Ulrich Museum of Art
- Personnages Oiseaux outside the Ulrich Museum in 2026
- Established: 1974
- Location: 1845 Fairmount Street Wichita, Kansas 67260
- Coordinates: 37°43′01″N 97°18′55″W﻿ / ﻿37.7170568°N 97.3152619°W
- Type: Art museum, sculpture garden, & university museum
- Accreditation: American Alliance of Museums
- Key holdings: Personnages Oiseaux by Joan Miró
- Collections: Bush Outdoor Sculpture Collection
- Founders: Clark Ahlberg & Edwin A. Ulrich
- Executive & Creative Director: Vivian Zavataro
- Architect: Charles F. McAfee
- Owner: Wichita State University
- Website: ulrich.wichita.edu

= Ulrich Museum =

Art museum in Wichita, Kansas

The Edwin A. Ulrich Museum of Art is a modern and contemporary art museum located on the campus of Wichita State University in Wichita, Kansas.

== History ==
The museum opened on December 7, 1974 in McKnight Art Center, where it is still located today. The building was designed by architect Charles F. McAfee.

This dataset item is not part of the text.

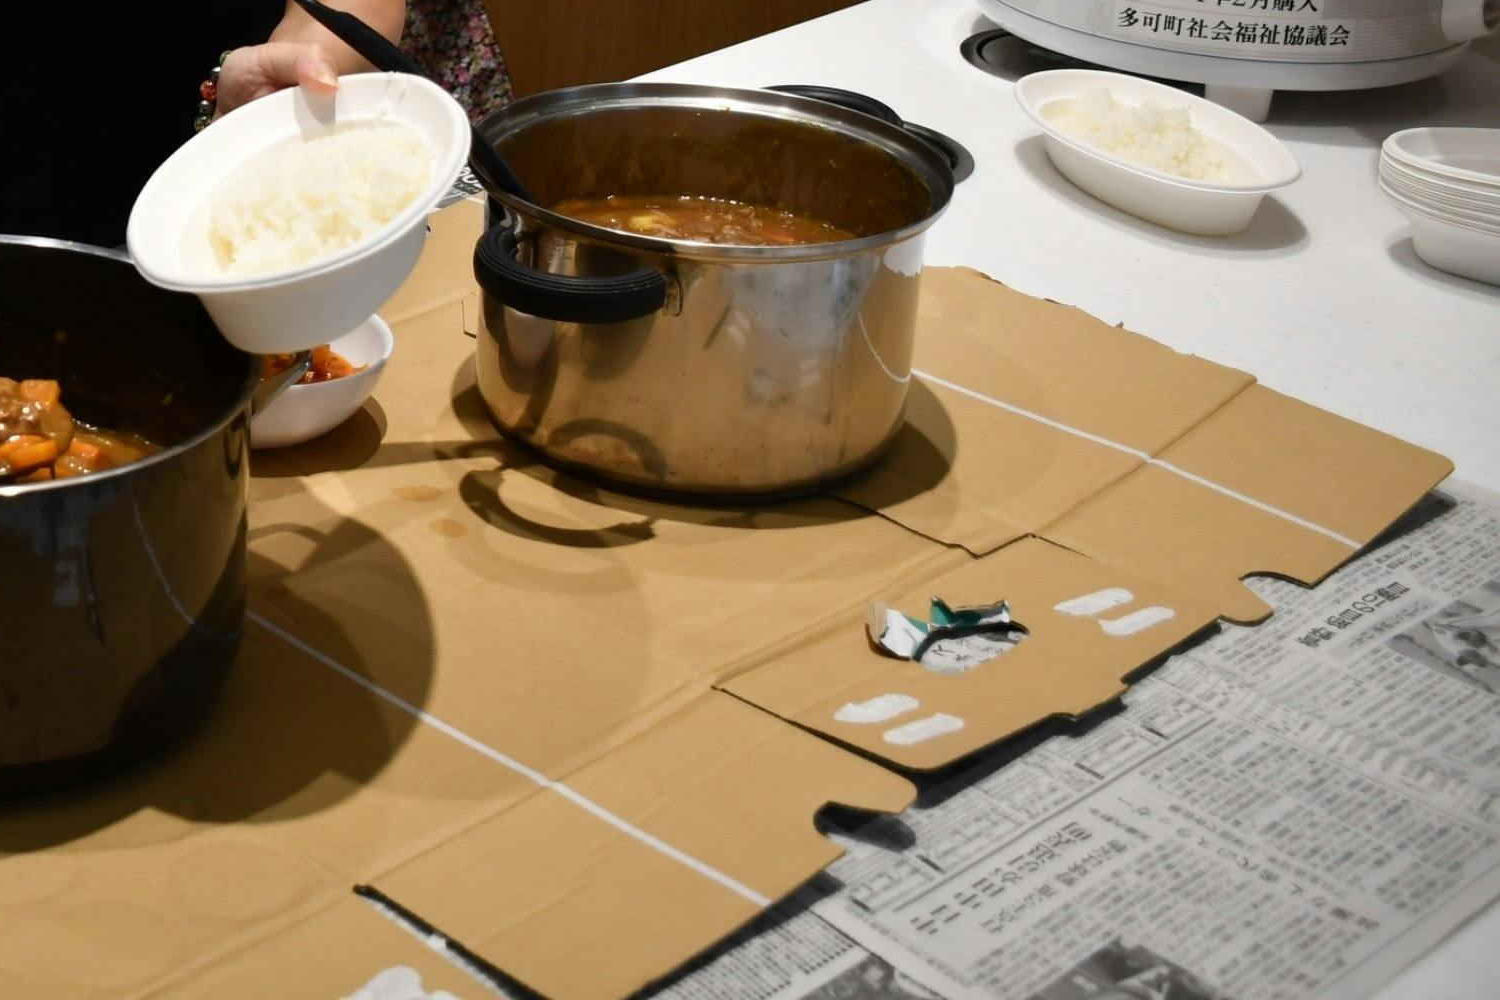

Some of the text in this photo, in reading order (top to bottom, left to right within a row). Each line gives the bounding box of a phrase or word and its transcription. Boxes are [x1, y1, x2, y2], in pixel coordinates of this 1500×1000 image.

[1117, 7, 1351, 46] 多可町社会福祉協議会

It is best known for the large Venetian glass and marble mosaic by Joan Miró found on the facade of the building, titled Personnages Oiseaux, a 28 by 52 ft mural on 80 panels. It is also well known for the large Martin H. Bush Outdoor Sculpture Collection of 80 works across 330 acres, which was named Top Ten among campus sculptures in 2006 by Public Art Review. The sculpture collection includes works by Fernando Botero, Andy Goldsworthy, Lila Katzen, Joan Miró, Claes Oldenburg, Tom Otterness, Auguste Rodin, Sophia Vari, Elyn Zimmerman, and Francisco Zuniga. The Outdoor Sculpture Collection is part of the museum's permanent collection, which contains approximately 6,500 objects.

The museum's permanent collection of over 7,000 works includes works by Benny Andrews, Diane Arbus, Barkley Hendricks, Nan Goldin, Zhang Huan, Sol LeWitt, Joan Mitchell, Gordon Parks, Kara Walker, and Andy Warhol, among many others. The collection also contains large groups of works by a number of artists, including Lee Adler, Minna Wright Citron, Gordon Parks, Marian Stephenson Patmore, and Harry Sternberg.

== Personnages Oiseaux ==
Personnages Oiseaux (Bird People) is a mural by Joan Miró, made up of thousands of glass and marble tesserae, which was first painted by Miró, and converted into a mosaic mural by Ateliers Loire in Chartres, France. This mural was Miró's only mural made of glass and marble, and one of the eleven he made during his lifetime. It was featured on the southern-facing wall from 1978 to 2011, when it was removed for repairs. The mural was losing between 300 and 400 tiles yearly, and the full cost of the repairs came out at $2.2 million; the mural returned in 2016.